I was released from the hospital sometime in the late six o'clock hour, just in time to finish up rush hour traffic. Perfect. We were home a little after 7:00 pm, and I proceeded to eat everything in the house. A true Oldwyn. Never lacking a desire to munch. Some people wish for more energy in life, I wish for a quell in appetite. At age 33, though, it may be time to just give up. Things probably won't be changing.

Side note: Shouldn't these Oxy pills be making tired? What the fizz. I will never completely understand narcotics.

Lots of favorite parts of my day, but only one with a photo. Surgery waiting rooms these days are like going to Chilli's. They have buzzers for when we're done, or if there's an update with our condition. Very fancy. Note: I haven't been to Chilli's since 2001, so don't be upset when they don't have the buzzer system. I was just illustrating a point. 

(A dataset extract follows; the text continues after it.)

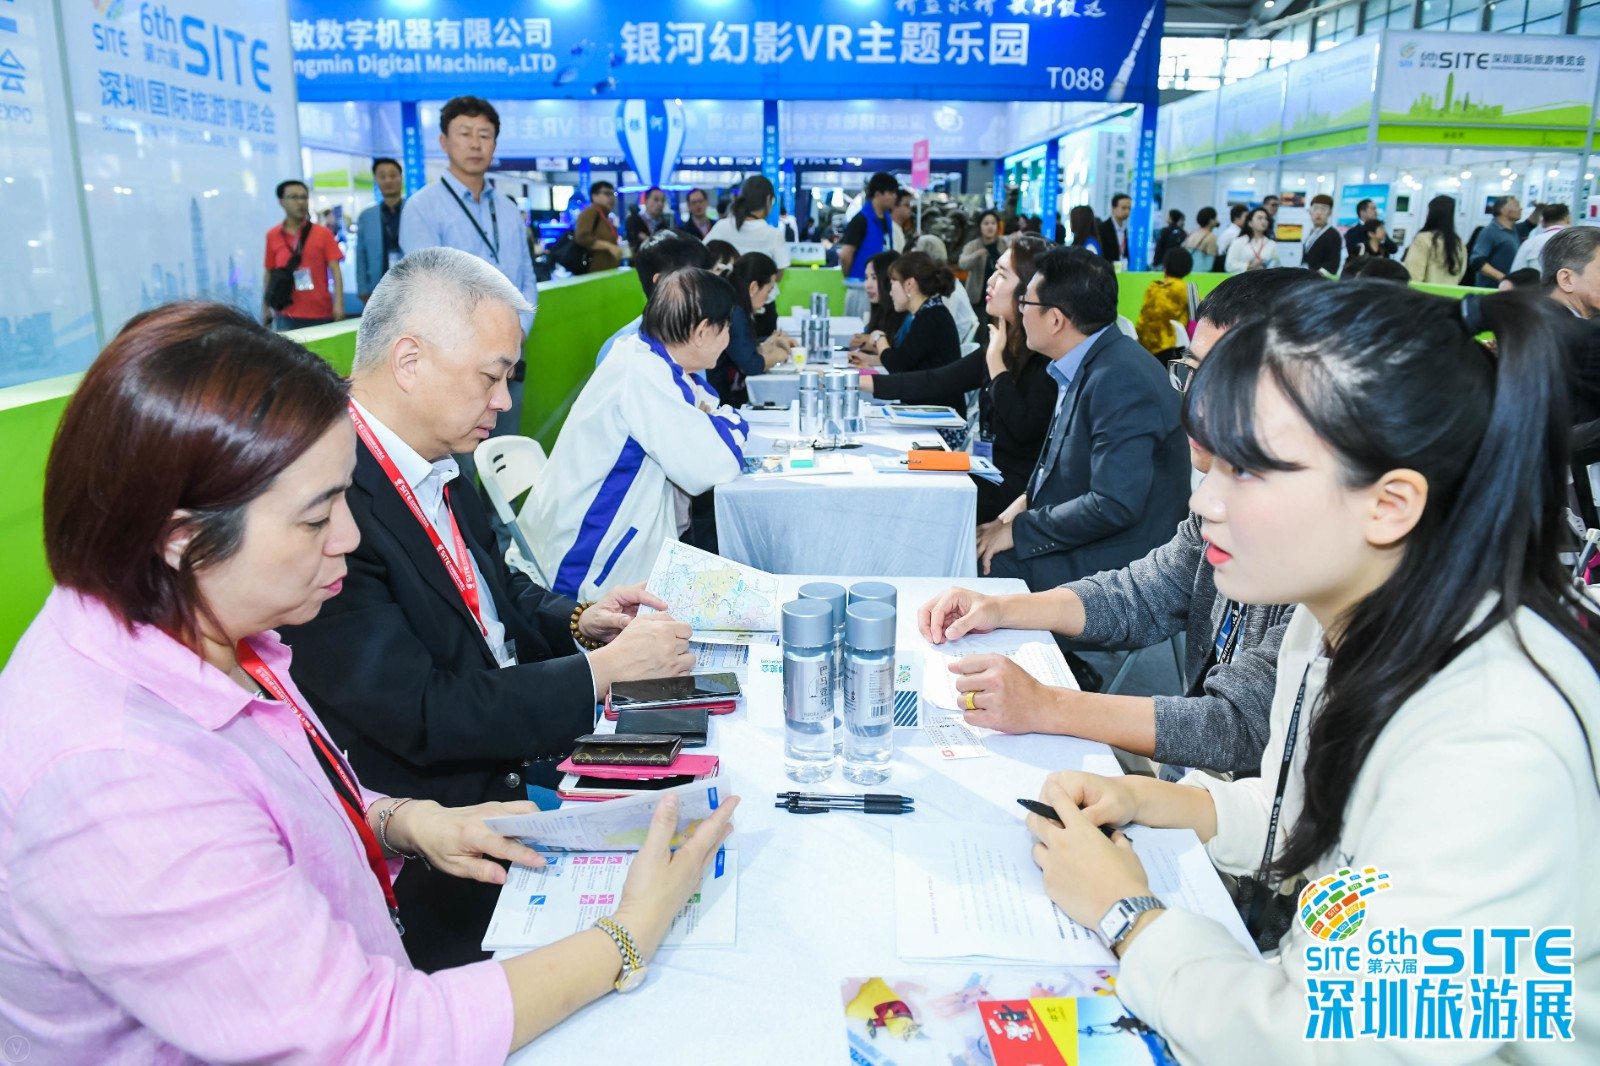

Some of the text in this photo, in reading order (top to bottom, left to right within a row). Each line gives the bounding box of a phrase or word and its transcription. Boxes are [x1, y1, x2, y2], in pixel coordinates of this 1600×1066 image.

It is both very fun to be awake this late, but also exciting to think that I might be able to tickle Dan awake in the five o'clock hour for work. There's not much more in life I love than waking people up. It's perversely gratifying for me. It's like this, in my mind, "Ha! I caught them! And they're asleep!" Not to trumpet my skills, but I'm pretty good at catching people. Here's a trick, make lots of friends who are night owls. But that's all I'm going to give away.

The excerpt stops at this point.